Check Point Threat Emulation provides protection against this threat (Ransomware.Wins.Qilin)
VULNERABILITIES AND PATCHES
- A critical vulnerability (CVE-2025-49113) in Roundcube webmail was disclosed and patched, enabling post-authentication remote code execution (RCE). The flaw caused by unsanitized $_GET[‘_from’] input leading to PHP object injection. Exploitation has been observed in the wild using brute-forced or stolen credentials via CSRF. A working exploit is reportedly being sold on underground forums.
Check Point IPS provides protection against this threat (Roundcube Webmail Remote Code Execution (CVE-2025-49113))
- A critical static credential vulnerability (CVE-2025-20286, CVSS 9.9) was fixed in Cisco ISE cloud deployments on AWS, Azure, and OCI. The flaw allows unauthenticated attackers to reuse shared credentials across identical deployments, enabling access to sensitive data, limited admin actions, and service disruption. A proof-of-concept exploit exists, but no active exploitation was observed.
- A patch has been released to address CVE-2025-5419, a high-severity out-of-bounds read and write vulnerability in Chrome’s V8 JavaScript engine. This zero-day, observed being actively exploited in the wild, could potentially lead to arbitrary code execution or data corruption. Affected versions include Chrome across Windows, macOS, and Linux.

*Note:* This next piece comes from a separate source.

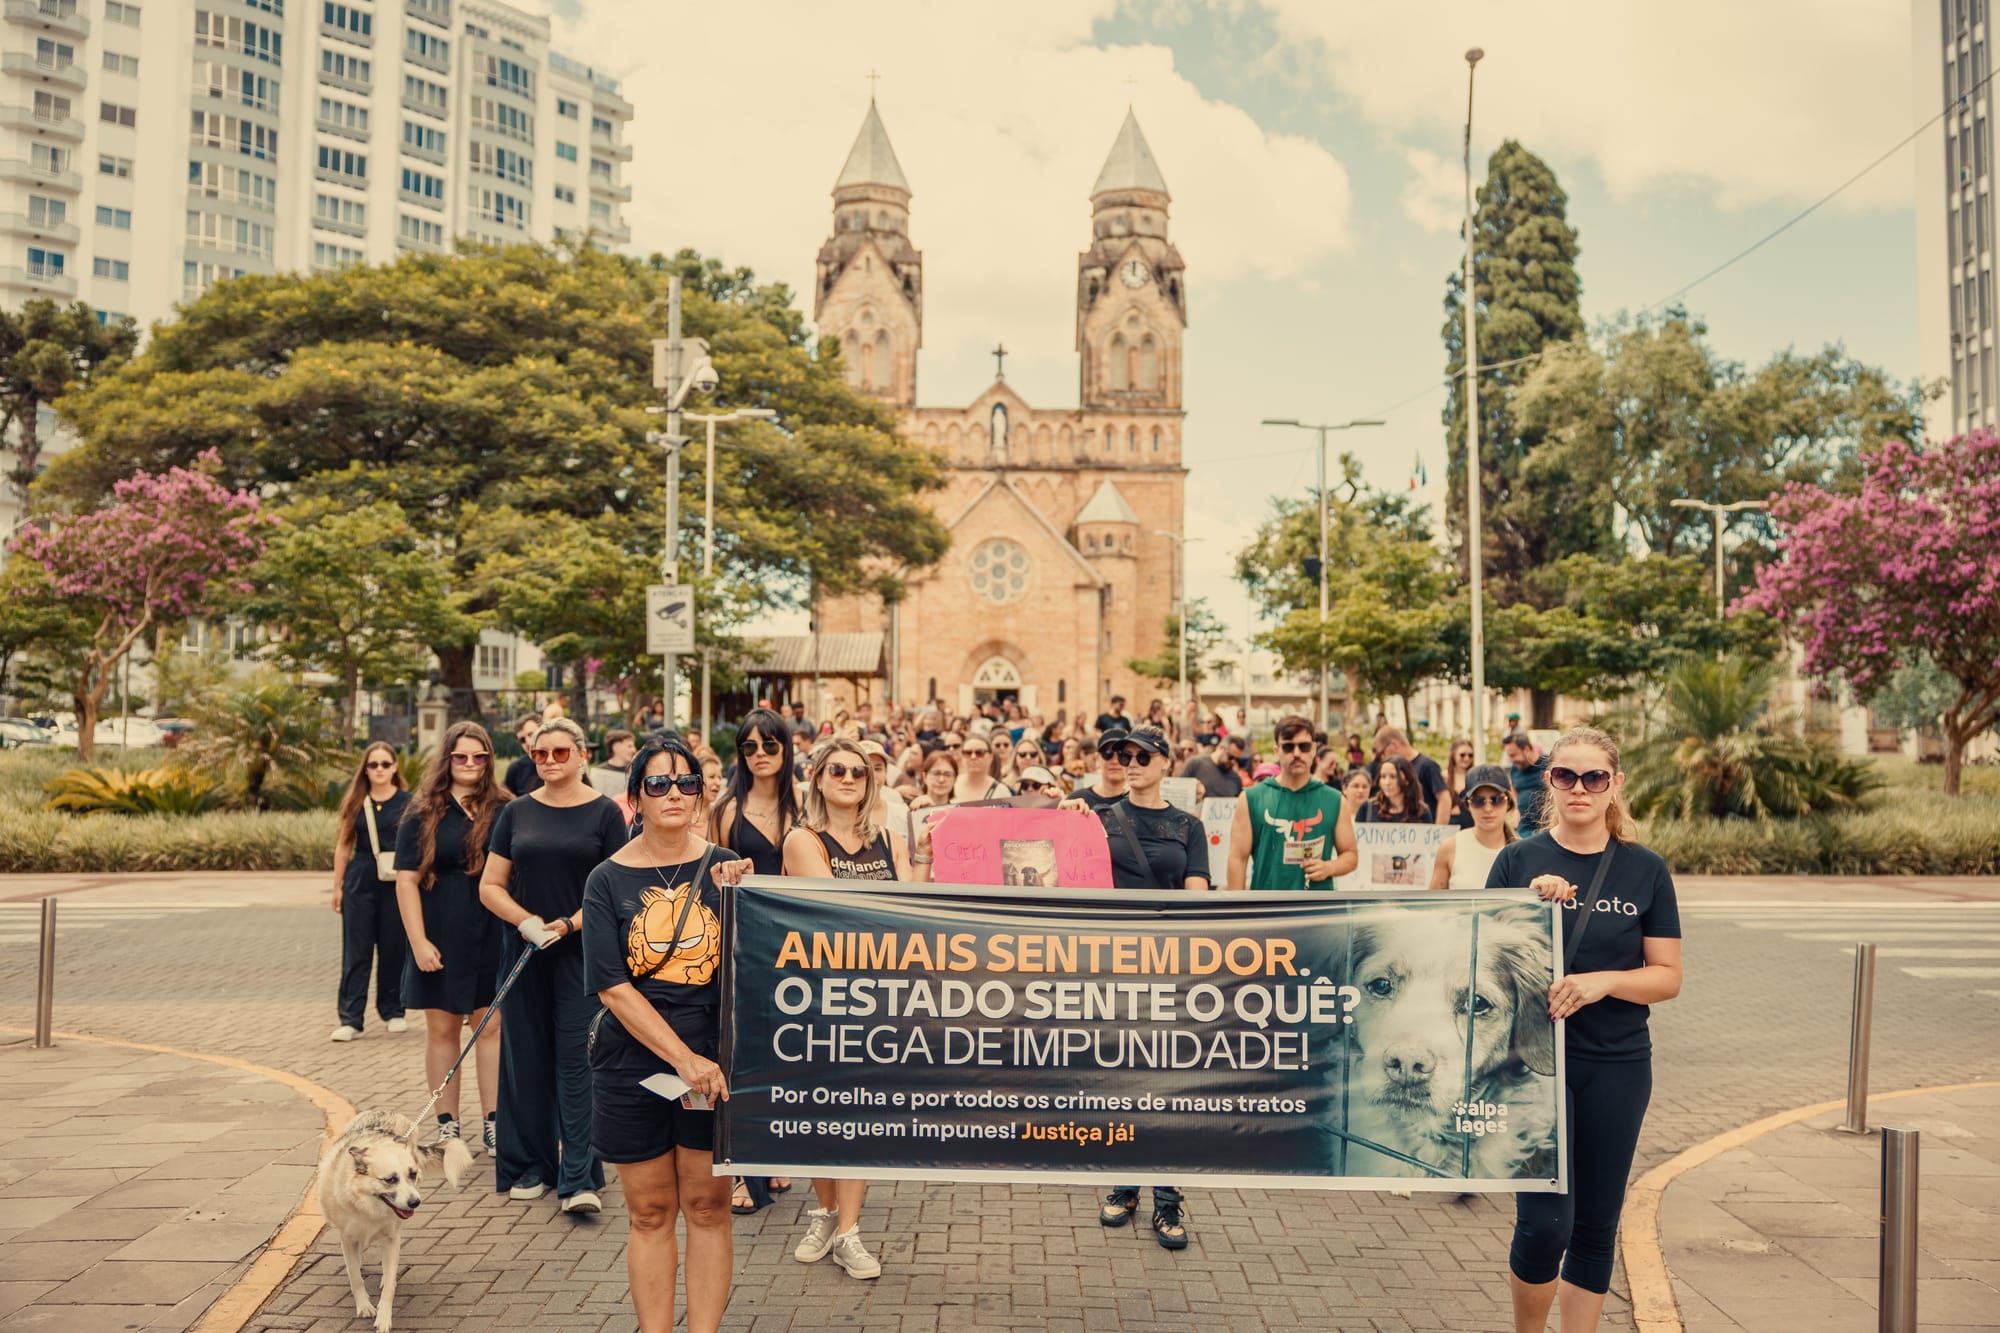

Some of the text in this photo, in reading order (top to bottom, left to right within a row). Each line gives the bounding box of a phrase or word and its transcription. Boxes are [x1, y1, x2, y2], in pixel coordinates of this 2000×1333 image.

- Qualcomm patched three zero-day vulnerabilities (CVE-2025-21479, CVE-2025-21480, and CVE-2025-27038) in its Adreno GPU driver. The flaws involve improper authorization and a use-after-free bug, causing memory corruption and unauthorized command execution during Chrome rendering. Exploits have been observed in the wild, enabling attackers to bypass Android kernel protections.
THREAT INTELLIGENCE REPORTS
- The FBI warns that the BADBOX 2.0 malware campaign has infected over 1 million Android-based IoT devices, including smart TVs, streaming boxes, projectors, and tablets, mostly made in China. The botnet routes cybercriminal activity through residential proxies, enabling ad fraud and credential stuffing via command-and-control servers. Most affected countries are Brazil (37.6%), the US (18.2%), Mexico (6.3%), and Argentina (5.3%).
- Google uncovered a financially motivated campaign by UNC6040 targeting Salesforce via voice phishing, tricking employees into approving fake apps like altered Data Loaders to steal data. The group also uses stolen credentials to access cloud tools like Okta and Microsoft 365, relying on phishing panels and Mullvad VPN.
- Researchers discovered “PathWiper”, a new wiper malware used in an attack on Ukrainian critical infrastructure. Deployed via a legitimate admin framework, it used VBScript to run an executable that overwrites MBR and NTFS data on connected drives. PathWiper resembles HermeticWiper but uses more advanced methods to target storage volumes.